It is not clear whether these are features of the disorder itself, artifacts of sampling bias, or consequences of being identified as a sex offender.
Primary Psychiatry May 21, Dr.
Bursztajn is associate clinical professor of psychiatry and Mr. The authors thank A. The authors report no financial, academic, or other support of this work. Abstract How does managed care contribute to the psychiatric hazards of medical illness?
How can primary care physicians and psychiatrists as treaters or consultants recognize and manage the clinical dynamics that result, together with their liability implications? For patients in managed healthcare settings, a latent subjective sense of captivity triggered by care restrictions can exacerbate feelings of helplessness and hopelessness brought on by the threat of serious illness.
In the extreme, some patients will experience the escalating distress characteristic of posttraumatic stress disorder. The introductory, ongoing, and termination phases of the treatment alliance are analyzed as focal points for particular clinical interventions.
In this atmosphere, patients and their physicians—who face the threat or actuality of a major illness—may experience heightened feelings of helplessness and hopelessness, especially when healthcare benefits are denied. In this atmosphere, physicians often avoid consideration of treatment alternatives they view as likely to be denied by a managed care reviewer, or feel compelled to focus on the catastrophic possibility in the differential diagnosis to obtain otherwise denied benefits.
The sense of virtual clinical captivity that patients and physicians can experience in the face of benefit denial need not be taken as a fait accompli. By becoming aware of the dynamics and dilemmas of the physician-patient relationship under managed care, treating physicians can create greater freedom for their patients and themselves to work together effectively.
Useful clinical interventions can be implemented to recover a sense of choice in the doctor-patient relationship, while decreasing liability risk, by effectively anticipating, preparing for, identifying, and responding to the distress that is likely to accompany managed care restriction of clinical care.
There are compelling clinical and ethical considerations favoring a proactive stance by physicians who are aware of potential negative managed care influences on their patients. Given that helplessness and hopelessness have been documented to be predictors of negative patient outcomes eg, in breast cancer ,5 the undermining of the clinical process and the resulting loss of trust also undermine the potential for healing relationships and, in turn, the likelihood of positive health outcomes.
Physicians who work to reverse this process are not just protecting themselves from liability, but also providing quality care by protecting patients from the consequences of helplessness, hopelessness, and distrust. Serious illness can heighten dependency while bringing with it feelings of helplessness, hopelessness, and distrust associated with depression.
When faced first with a lack of choice of a provider, and then with restriction or even denial of care, the vulnerable patient, already feeling like a prisoner of the threat of serious illness, may now also begin to feel like a lonely captive of the healthcare system.
What care will I receive? The resulting anxiety and depression can lead to a greater likelihood of dissatisfaction with medical care9 and to an impaired capacity to act on that dissatisfaction by changing health plans.
Often, the treating physician may not have freely chosen to be part of a particular managed care organization MCO nor to treat a particular patient, except as the best of a set of undesirable choices or the lesser of necessary evils. The physician is also likely to have experienced a substantial reduction of economic and professional autonomy in the shift to managed care.
Like the patient, the physician may have few options and insufficient time to recognize, reflect upon, process, and put into perspective the feelings engendered by the managed healthcare context.The content on the UpToDate website is not intended nor recommended as a substitute for medical advice, diagnosis, or treatment.

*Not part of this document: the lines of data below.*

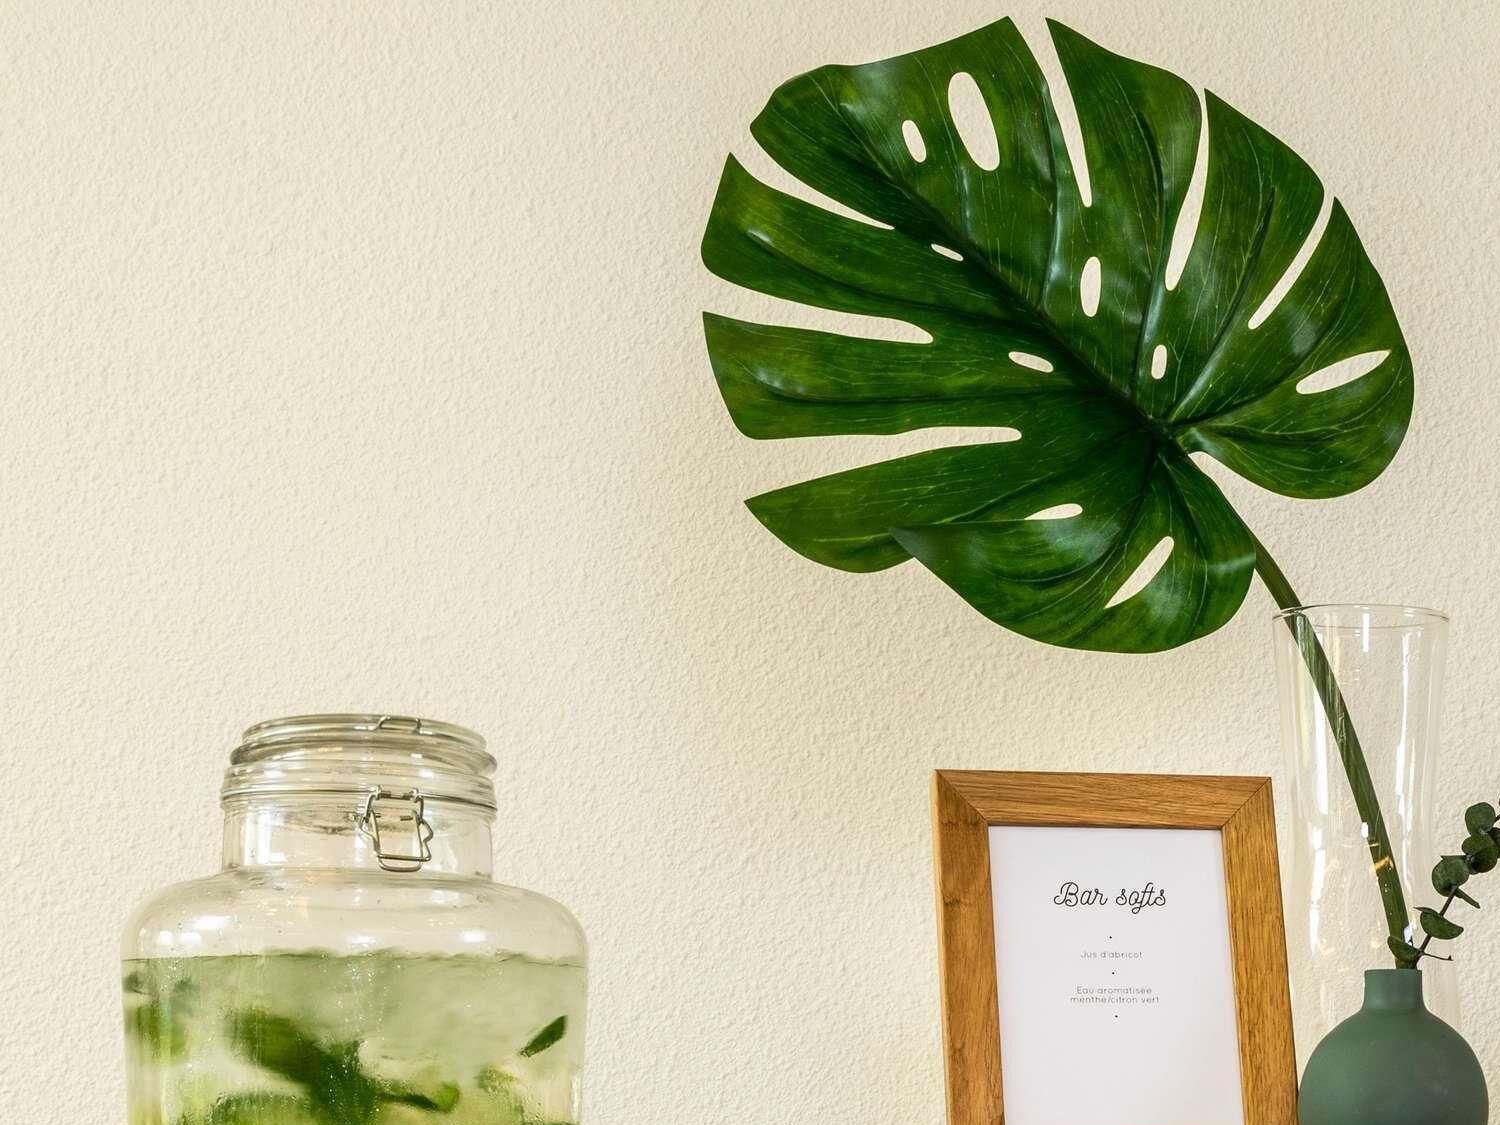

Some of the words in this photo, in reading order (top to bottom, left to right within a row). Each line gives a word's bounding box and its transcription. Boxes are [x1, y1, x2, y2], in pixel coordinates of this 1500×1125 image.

[1053, 881, 1108, 907] Bar
[1115, 881, 1167, 915] softs
[1080, 951, 1097, 959] Jus
[1076, 986, 1094, 995] Eau
[1141, 996, 1159, 1004] vert

Always seek the advice of your own physician or other qualified health care professional regarding any medical questions or conditions. A native of Providence, RI, Aaron T. Beck had an interest in the vagaries of human nature as far back as he can remember.
After graduating magna cum laude from Brown University in , he embarked on a career in medicine at Yale Medical School, graduating in Psychopathy, from psych (soul or mind) and pathy (suffering or disease), was coined by German psychiatrists in the 19th century and originally just meant what would today be called mental disorder, the study of which is still known as vetconnexx.com the turn of the century 'psychopathic inferiority' referred to the type of mental disorder that might now be termed personality disorder.
Abstract. Generalized anxiety disorder (GAD) is characterized by excessive anxiety and worry occurring over the course of ≥6 months. GAD has a % lifetime prevalence in the general adult population, and an 8% lifetime prevalance in the primary care setting. Major depressive disorder has significant potential morbidity and mortality, contributing to suicide (see the image below), incidence and adverse outcomes of medical illness, disruption in interpersonal relationships, substance abuse, and lost work time.
With appropriate treatment, % of individuals with major depressive disorder can achi. Abstract. Generalized anxiety disorder (GAD) is characterized by excessive anxiety and worry occurring over the course of ≥6 months. GAD has a % lifetime prevalence in the general adult population, and an 8% lifetime prevalance in the primary care setting.